Platform comparison
| Platform | YES odds | NO odds | Fee | KYC | Settlement | |
|---|---|---|---|---|---|---|
Polymarket (via Kalshi Alternative) Pick polygram.ink (preferred broker) |
100% | 0% | 0% (USDC on-chain) | No-KYC up to $1,500 | USDC, auto via UMA oracle | Go to the live market → |
Polymarket (direct) polymarket.com |
100% | 0% | 0% | Geo-blocked in US/UK/EU | USDC, on-chain | Go to the live market → |
Kalshi kalshi.com |
— | — | Up to 7% per trade | US-only, KYC required | USD | Go to the live market → |
Betfair Exchange betfair.com |
— | — | 2-5% commission | Full KYC from first trade | GBP / EUR | Go to the live market → |
Manifold Markets manifold.markets |
— | — | Play-money (mana) | None — play-money | Mana (no cash-out) | Go to the live market → |
Outcome probabilities
Current market-implied probability for each outcome, from the live order book.
| Outcome | Probability |
|---|---|
| 33°C | 100% |
| 31°C or below | 0% |
| 32°C | 0% |
| 34°C | 0% |
| 35°C | 0% |
| 36°C | 0% |
| 37°C | 0% |
| 38°C | 0% |
| 39°C | 0% |
| 40°C | 0% |
| 41°C or higher | 0% |
Market context
On 4 July 2026, the Beijing Capital International Airport Station will record its peak daily temperature, a figure that historically sits near 32°C in early July, with extremes regularly climbing above 35°C. The current crowd-implied probability of 0% for a “YES” outcome suggests the market expects the temperature to fall below the resolution threshold, yet this contradicts established climatic patterns where July is Beijing’s hottest month, often reaching 40°C in recent years[1][3].
Historical data frames this probability as anomalous: in 2023, Beijing hit 40°C in July, and the all-time record of 41.9°C was set on 24 July 1999[3][5]. Even in 2010, a peak of 42.1°C occurred on 5 July, just one day after the target date[8]. These cases indicate that a 0% implied probability is inconsistent with decades of observed heat, suggesting either thin liquidity or a mispricing that diverges sharply from books like Kalshi, which rely on decimal odds rather than implied probability, and differ in fee structures and KYC requirements compared to Polymarket or Betfair.
Traders should monitor the National Climate Center’s weekly heat advisories and any sudden shifts in monsoon activity, which can suppress temperatures.
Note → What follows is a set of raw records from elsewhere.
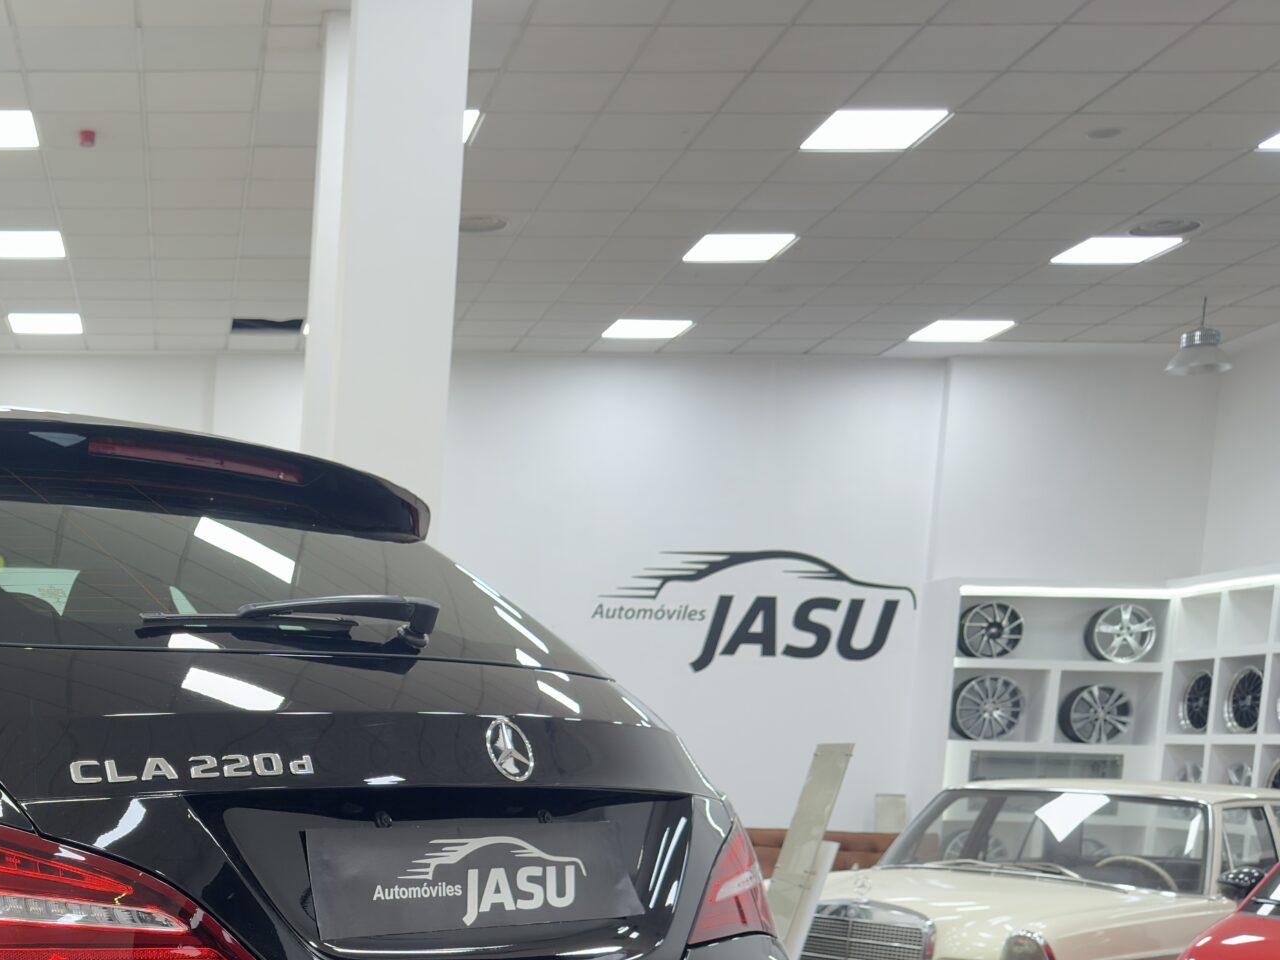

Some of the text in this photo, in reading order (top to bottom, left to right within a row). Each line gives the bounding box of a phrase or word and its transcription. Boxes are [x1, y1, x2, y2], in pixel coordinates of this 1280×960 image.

[592, 595, 900, 673] Automóviles JASU
[69, 757, 179, 784] CLA
[372, 865, 576, 927] Automóviles JASU
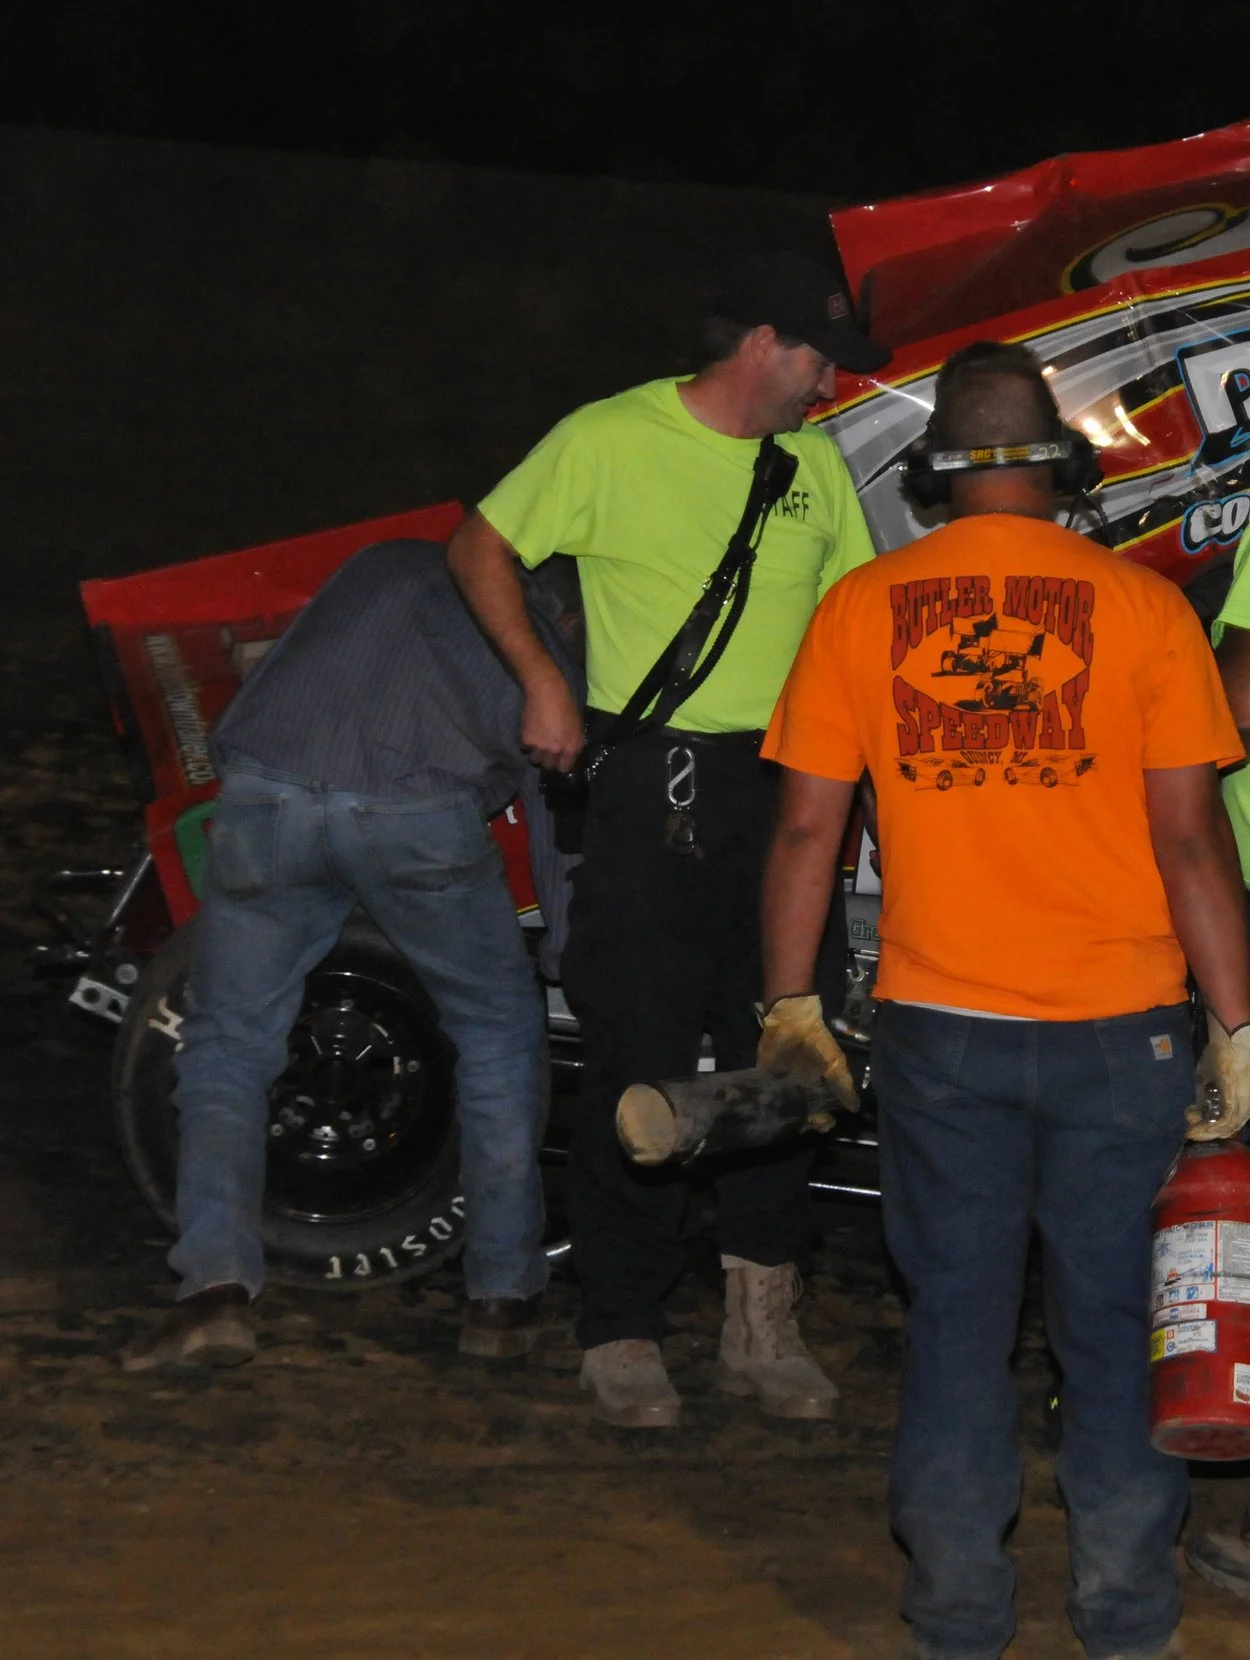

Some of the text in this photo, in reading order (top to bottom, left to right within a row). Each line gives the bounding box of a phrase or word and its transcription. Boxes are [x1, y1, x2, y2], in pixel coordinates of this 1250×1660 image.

[890, 575, 1096, 671] BUTLER MOTOR
[892, 667, 1090, 757] SPEEDWAY
Recent reports confirm China recorded its hottest month in recent history in July 2024, with averages exceeding 23°C[2][9]. As resolution nears, Wunderground’s real-time data will be decisive, and platforms with lower fees and faster settlement—such as Smarkets versus Kalshi—may offer better arbitrage opportunities if the market corrects toward historical norms.
Methodology
We read Highest temperature in Beijing on July 4? from four platform perspectives: Polymarket (on-chain CLOB), Kalshi (CFTC-regulated exchange), Betfair Exchange (sports book exchange), Smarkets (peer-to-peer betting exchange). Polymarket's live mid is the canonical probability; the side-by-side columns benchmark fees, KYC, settlement currency and deposit rails so you can choose the venue that fits your jurisdiction and trade size.
Resolution & payout
Polymarket settles via UMA Optimistic Oracle on Polygon. A proposer posts the outcome with a bond, the two-hour window runs, then the smart contract pays USDC.
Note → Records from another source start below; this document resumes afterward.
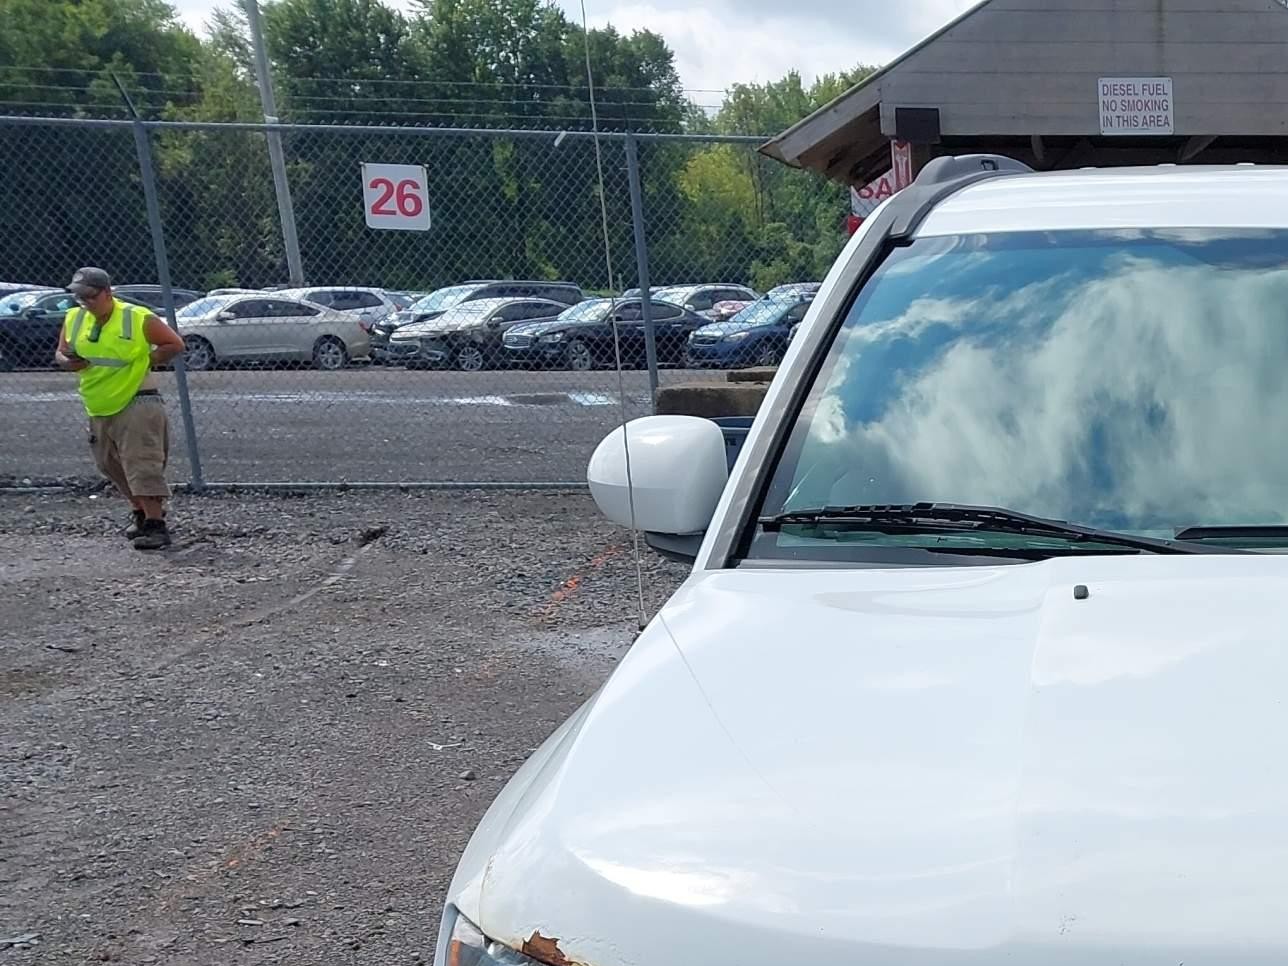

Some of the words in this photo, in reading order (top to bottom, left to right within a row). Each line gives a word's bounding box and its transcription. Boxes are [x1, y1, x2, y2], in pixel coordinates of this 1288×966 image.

[1102, 83, 1139, 96] DIESEL
[1141, 83, 1168, 96] FUEL
[1102, 99, 1117, 112] NO
[1120, 99, 1169, 112] SMOKING
[1102, 115, 1113, 127] IN
[1116, 115, 1139, 127] THIS
[1141, 115, 1170, 127] AREA
[369, 178, 423, 217] 26
Kalshi settles USD through the CFTC-regulated clearinghouse — the cleanest variant, with heavier KYC. Betfair Exchange settles in account currency (GBP/EUR), net of 2-5% commission. Smarkets follows the same model as Betfair with a lower default 2% commission.
FAQ
- What does Polymarket cost vs Kalshi?
- Polymarket: 0% fees, only Polygon network costs (~$0.01/trade). Kalshi: up to 7% per trade plus spread. For high-frequency traders, Polymarket is dramatically cheaper.
- Which platform has the deepest liquidity?
- Polymarket — by a wide margin. Top markets reach $50-500M volume, Kalshi ~$200M cumulative, Betfair similar. Deeper liquidity means your trade moves the quote less.
- Is Betfair a Polymarket alternative?
- Only partially. Betfair Exchange is UK-focused with a sports-betting emphasis; they have politics markets but with thinner liquidity than Polymarket. Settlement in GBP/EUR, 2-5% commission on winnings.
- What about Smarkets as an alternative?
- Smarkets is a UK betting exchange with a lower default commission (2%) than Betfair. Liquidity on political markets is below Polymarket, comparable to Kalshi. Geo-blocked in many jurisdictions.
- Are all these platforms regulated?
- No. Kalshi is CFTC-regulated (US). Betfair and Smarkets are UK Gambling Commission licensed. Polymarket operates without explicit regulation — a different risk profile than a regulated sportsbook.